EXERCISE GOAL: When you retype the data, keep every word exactly and include none of the pictures.

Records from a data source
----------
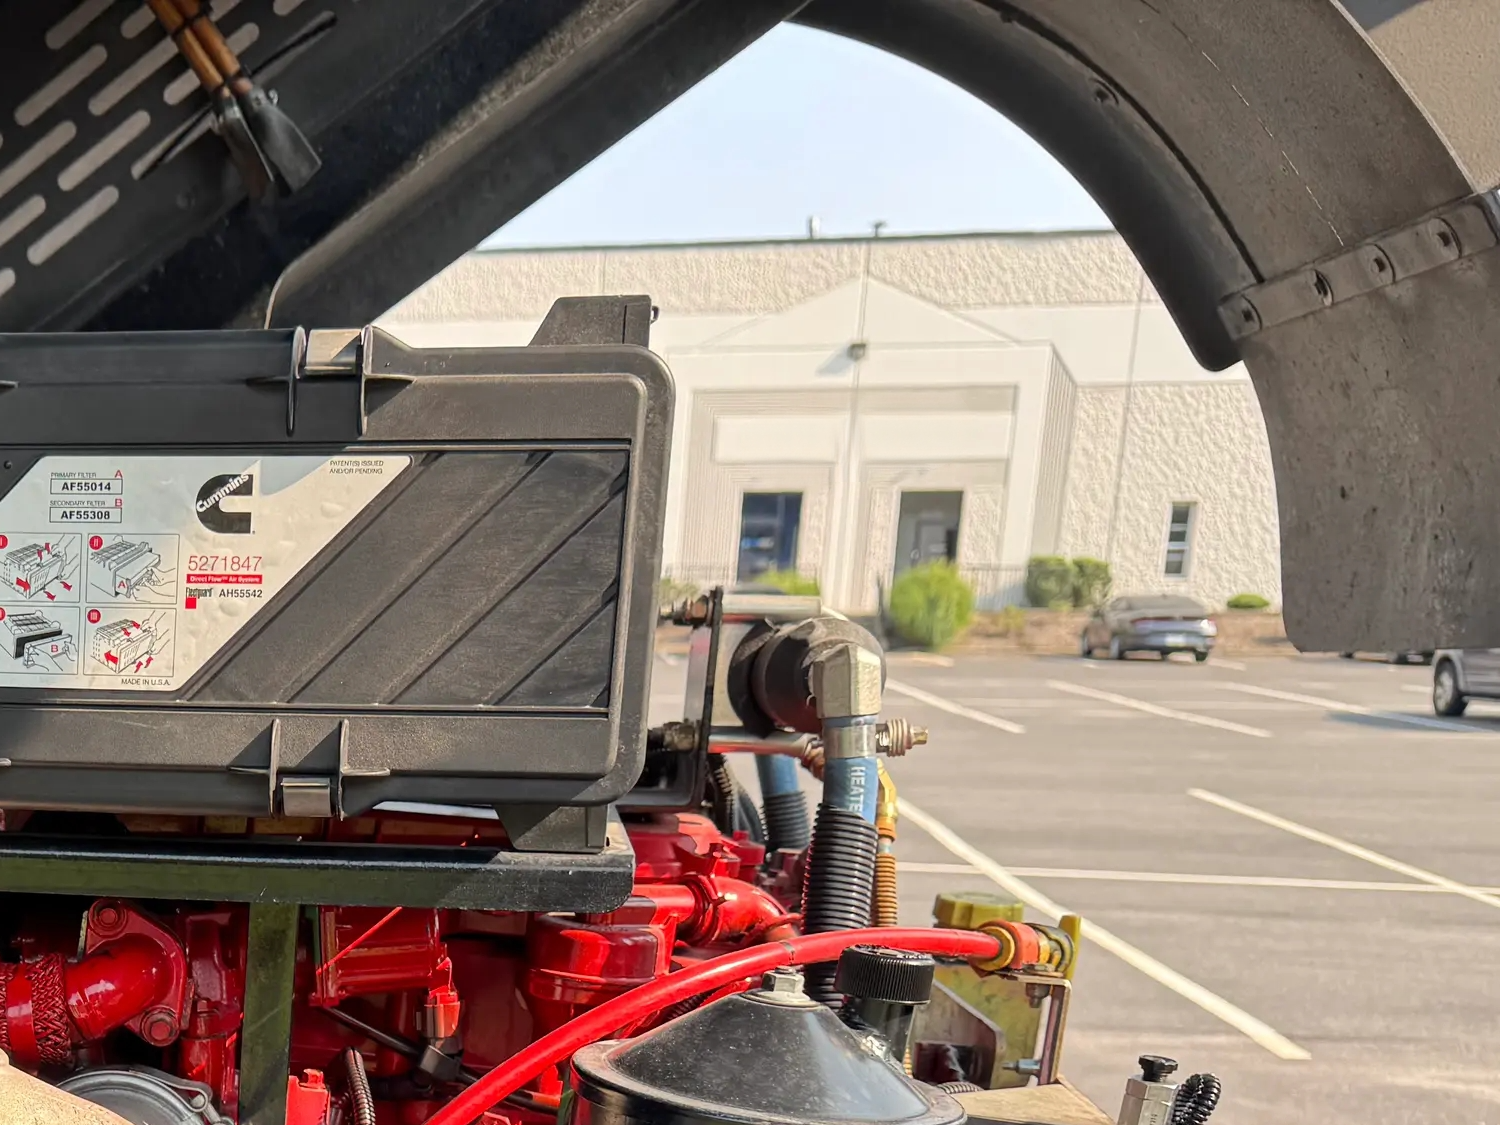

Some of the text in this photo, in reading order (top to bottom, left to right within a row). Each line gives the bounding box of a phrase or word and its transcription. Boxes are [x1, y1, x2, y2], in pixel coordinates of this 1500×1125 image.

[61, 482, 111, 491] AF55014
[196, 474, 250, 513] Cummins
[60, 510, 110, 520] AF55308
[188, 555, 263, 571] 5271847
[238, 576, 260, 584] System
[219, 588, 263, 598] AH55542
[151, 678, 171, 686] U.S.A.
----------
THE ANSWER:
Some of the text in this photo, in reading order (top to bottom, left to right within a row). Each line gives the bounding box of a phrase or word and its transcription. Boxes are [x1, y1, x2, y2], in pixel coordinates of this 1500×1125 image.

[61, 482, 111, 491] AF55014
[196, 474, 250, 513] Cummins
[60, 510, 110, 520] AF55308
[188, 555, 263, 571] 5271847
[238, 576, 260, 584] System
[219, 588, 263, 598] AH55542
[151, 678, 171, 686] U.S.A.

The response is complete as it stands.